American soprano and actress (1918–1995)

Ann Ayars (July 23, 1918 – February 27, 1995) was an American soprano and actress. Early in her career she acted in several TV series and non musical films. Later, she sang with the New York City Opera (NYCO), and became known worldwide when she sang and acted the part of Antonia in the 1951 British film The Tales of Hoffmann. From 1968 to 1987 she taught voice and piano and staged 19 full-length opera productions at Mt. San Jacinto College in California, where she was made a professor emerita.

==Biography==

Ann Ayars was born in Beverly Hills, California. She began as a singer in the late 1930s and started acting in the early 1940s. She had parts in several television series, including Batman, Hazel, Mission: Impossible, The Alfred Hitchcock Hour, Perry Mason, The Virginian and The Monroes.

She starred as Cholita in the 1941 film Fiesta and in 1942 she was Cynthia Cookie Charles in Dr. Kildare's Victory. Also in 1942, she appeared as Constance Selden in Apache Trail, Kaaren de Relle in Nazi Agent and Juliette in Reunion in France. In 1943 she was Mrs Sandoval in The Human Comedy and Susan Thayer in The Youngest Profession.

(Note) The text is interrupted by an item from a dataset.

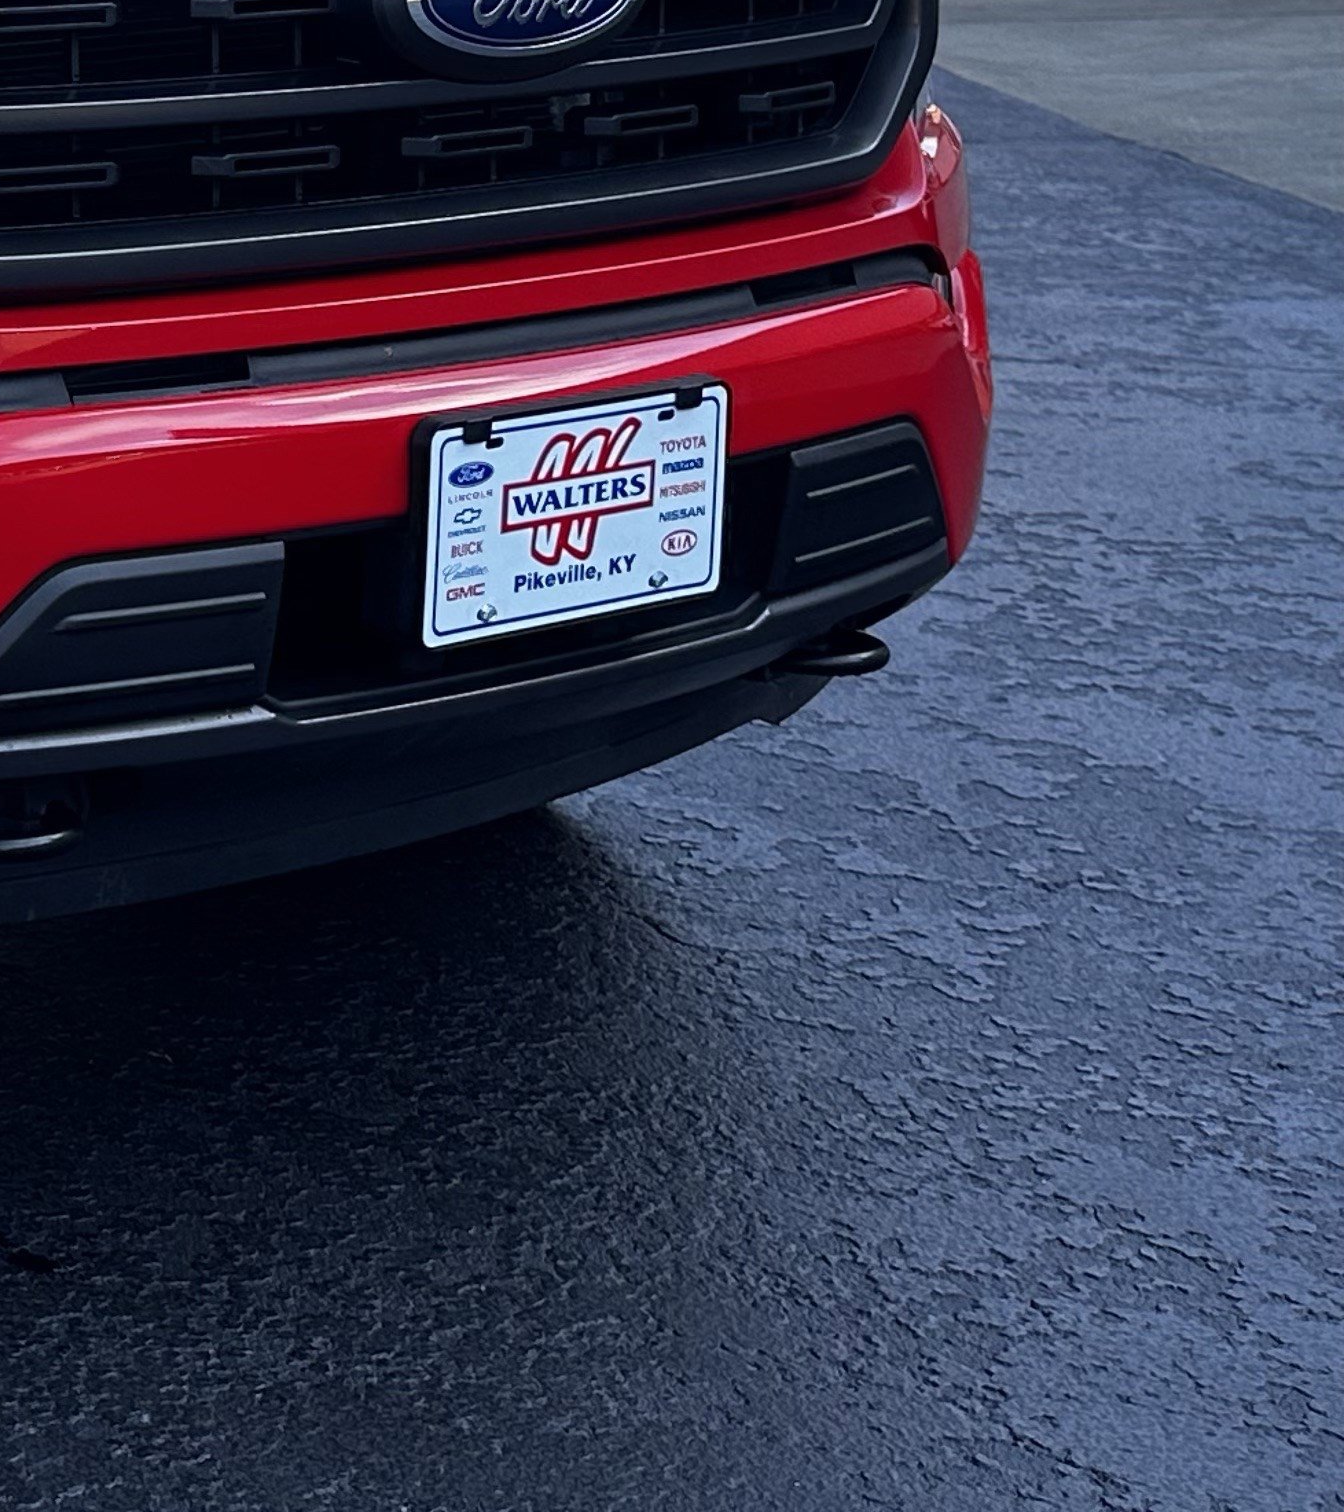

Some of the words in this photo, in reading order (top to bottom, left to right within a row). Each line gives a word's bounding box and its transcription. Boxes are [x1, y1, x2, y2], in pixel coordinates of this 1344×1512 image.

She left Hollywood in 1943 to join the newly formed New York City Opera, becoming one of its leading lyric sopranos. Her operatic roles included Monica in The Medium, Mimi in La bohème and Violetta in La traviata. Her friend, mezzo-soprano Frances Bible, said "Her work with the opera has inspired many young singers, many of whom went on to professional careers."

Courtesy of MGM, Ayars helped entertain the troops in February 1944 at Camp Roberts, California, starring in Rio Rita along with Janis Paige.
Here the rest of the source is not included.